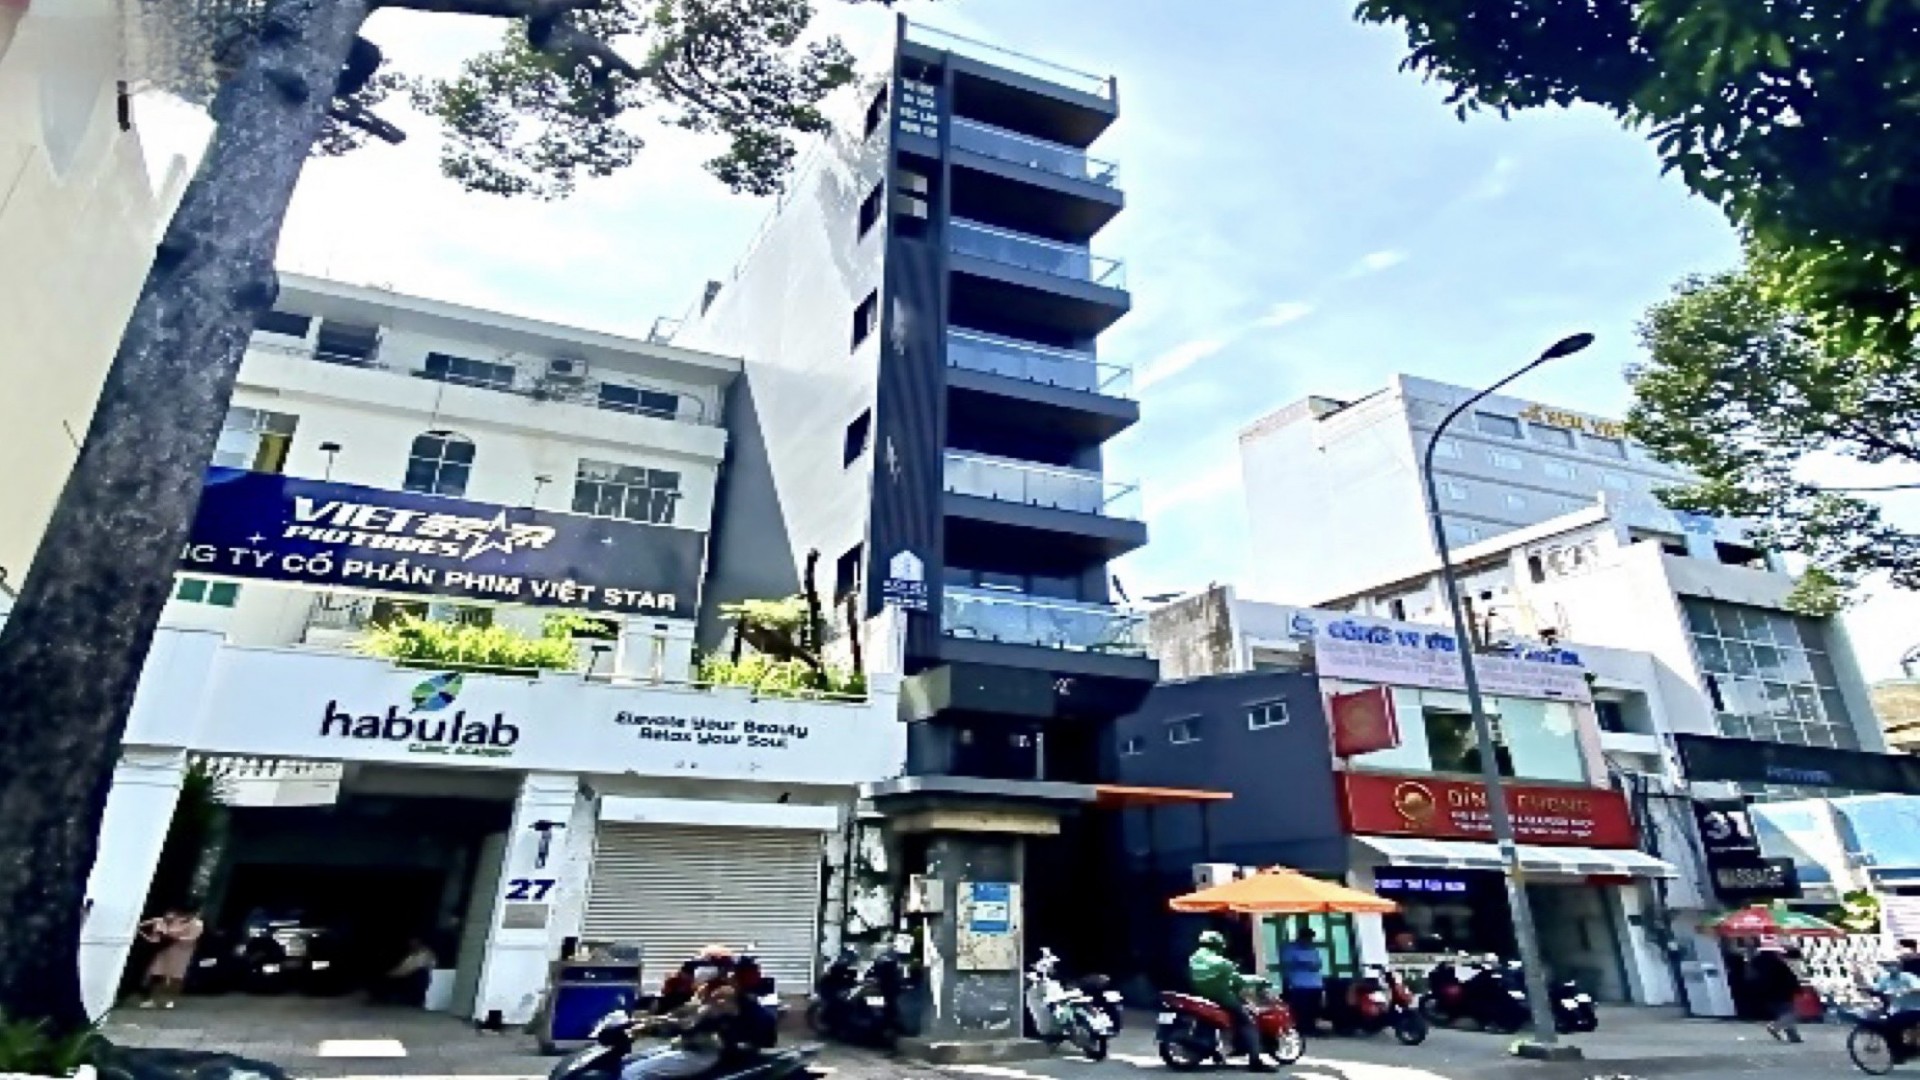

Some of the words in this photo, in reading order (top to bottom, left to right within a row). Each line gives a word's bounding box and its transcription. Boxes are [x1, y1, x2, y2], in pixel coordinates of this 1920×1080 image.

[229, 547, 273, 567] TY
[445, 571, 522, 595] PHIM
[604, 588, 677, 612] STAR
[320, 699, 519, 747] habulab
[743, 719, 809, 739] Beauty
[1703, 811, 1752, 839] 31
[505, 878, 556, 901] 27
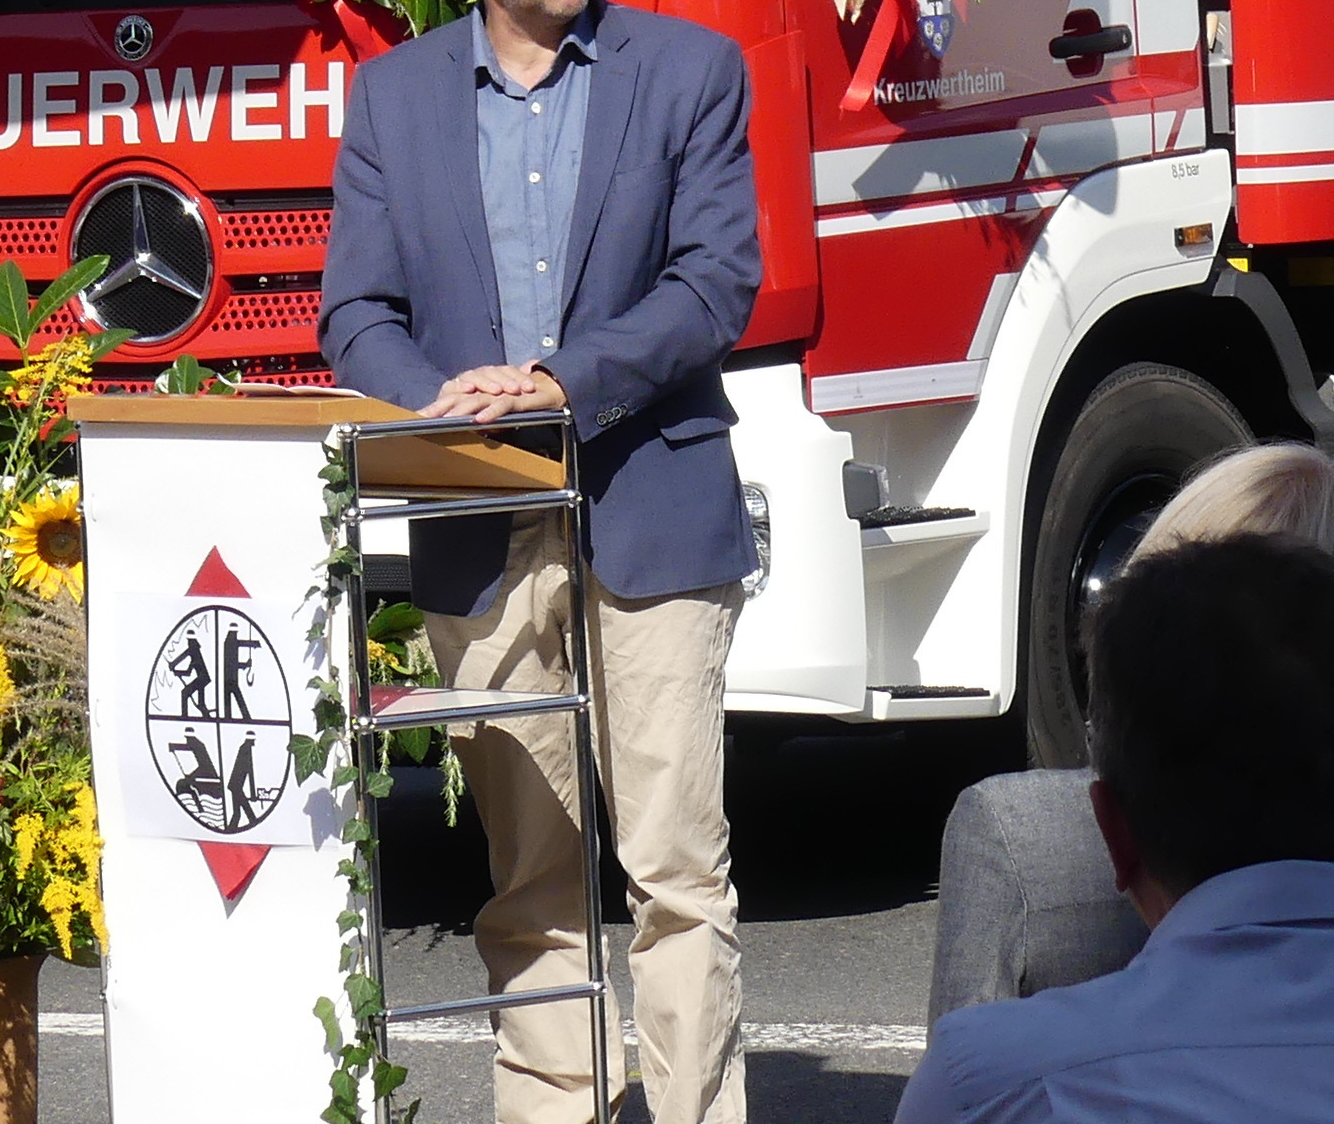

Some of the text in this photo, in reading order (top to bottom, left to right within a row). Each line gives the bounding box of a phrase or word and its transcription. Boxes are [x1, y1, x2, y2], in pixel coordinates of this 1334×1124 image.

[873, 68, 1006, 106] Kreuzwertheim
[1171, 162, 1200, 179] 8,5 bar
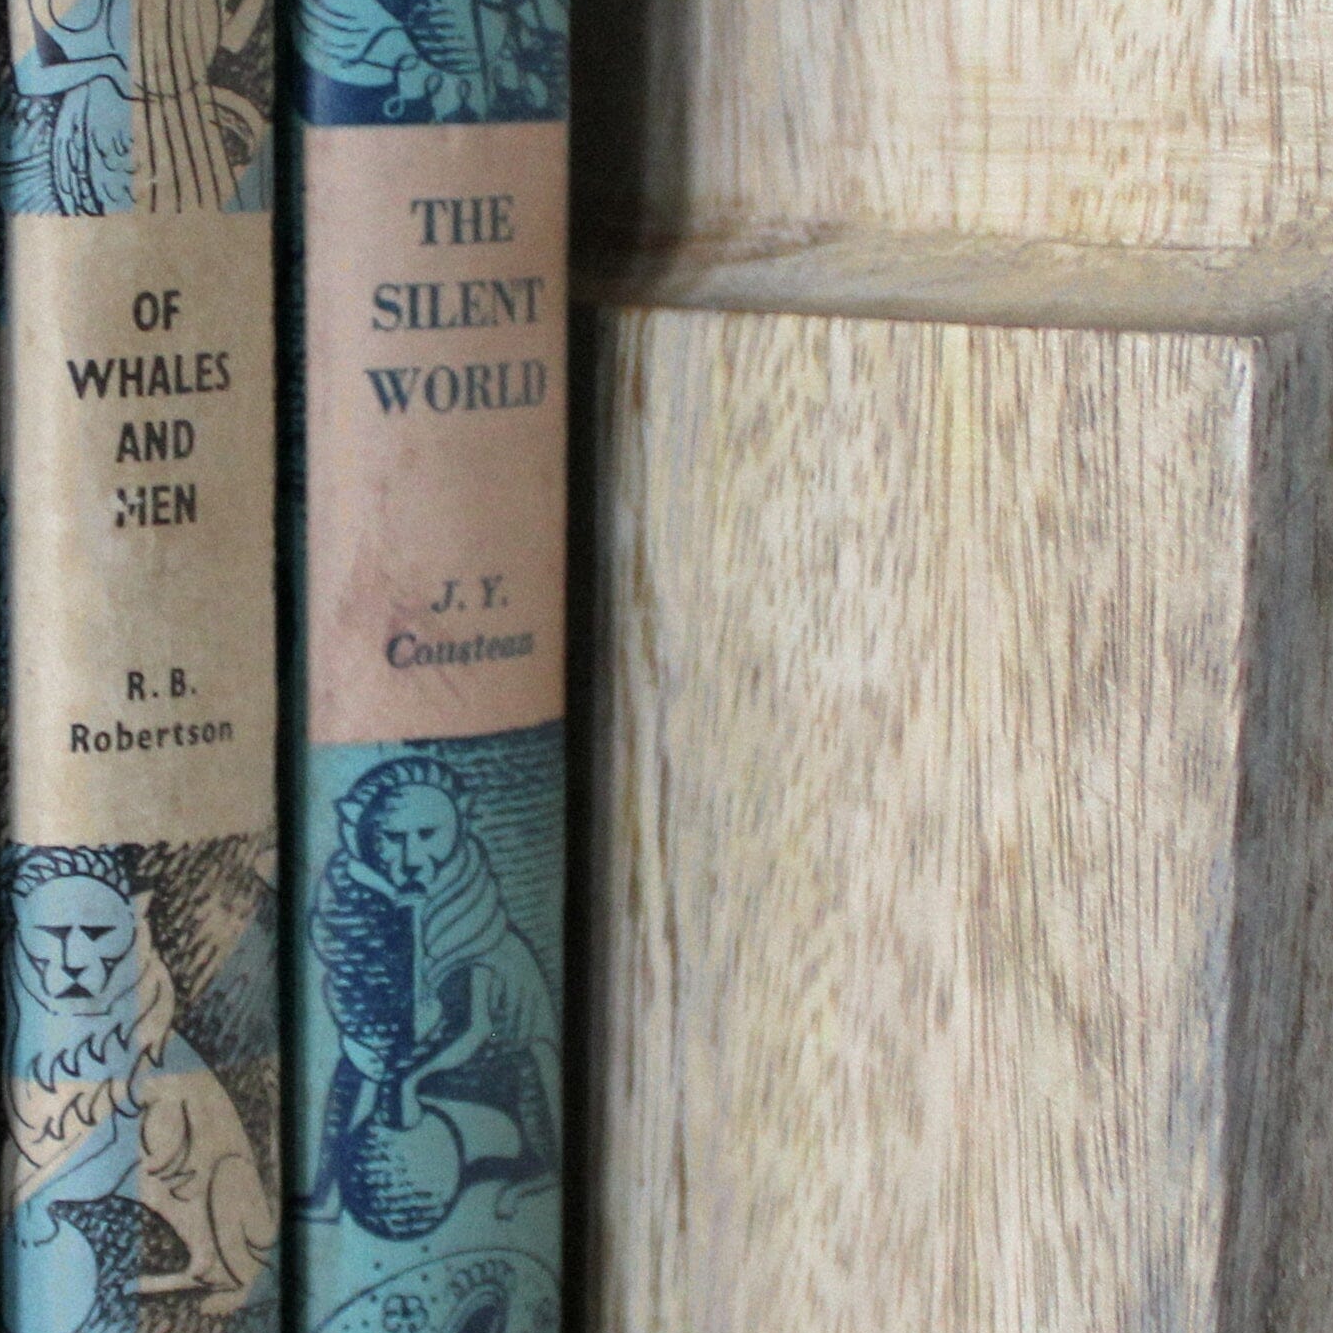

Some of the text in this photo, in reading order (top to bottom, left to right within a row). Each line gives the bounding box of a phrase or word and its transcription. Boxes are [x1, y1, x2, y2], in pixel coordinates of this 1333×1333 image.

[411, 194, 514, 246] THE
[133, 290, 181, 332] OF
[372, 276, 545, 332] SILENT
[66, 352, 231, 399] WHALES
[364, 359, 547, 415] WORLD
[117, 419, 195, 463] AND
[115, 483, 198, 529] MEN
[430, 575, 508, 615] J. Y.
[126, 668, 198, 701] R. B.
[70, 719, 234, 754] Robertson

--

> _Task_
Could you copy each line above exactly as written, minus any pictures?

> _Result of this exercise_
Some of the words in this photo, in reading order (top to bottom, left to right within a row). Each line gives a word's bounding box and its transcription. Boxes are [x1, y1, x2, y2], in pixel coordinates of this 1920×1080 image.

[229, 547, 273, 567] TY
[445, 571, 522, 595] PHIM
[604, 588, 677, 612] STAR
[320, 699, 519, 747] habulab
[743, 719, 809, 739] Beauty
[1703, 811, 1752, 839] 31
[505, 878, 556, 901] 27

Some of the text in this photo, in reading order (top to bottom, left to right within a row). Each line gives the bounding box of a phrase or word and its transcription. Boxes are [x1, y1, x2, y2], in pixel coordinates of this 1334×1124 image.

[873, 68, 1006, 106] Kreuzwertheim
[1171, 162, 1200, 179] 8,5 bar

Some of the text in this photo, in reading order (top to bottom, left to right within a row). Each line gives the bounding box of a phrase or word and its transcription. Boxes are [x1, y1, x2, y2], in pixel coordinates of this 1333×1333 image.

[411, 194, 514, 246] THE
[133, 290, 181, 332] OF
[372, 276, 545, 332] SILENT
[66, 352, 231, 399] WHALES
[364, 359, 547, 415] WORLD
[117, 419, 195, 463] AND
[115, 483, 198, 529] MEN
[430, 575, 508, 615] J. Y.
[126, 668, 198, 701] R. B.
[70, 719, 234, 754] Robertson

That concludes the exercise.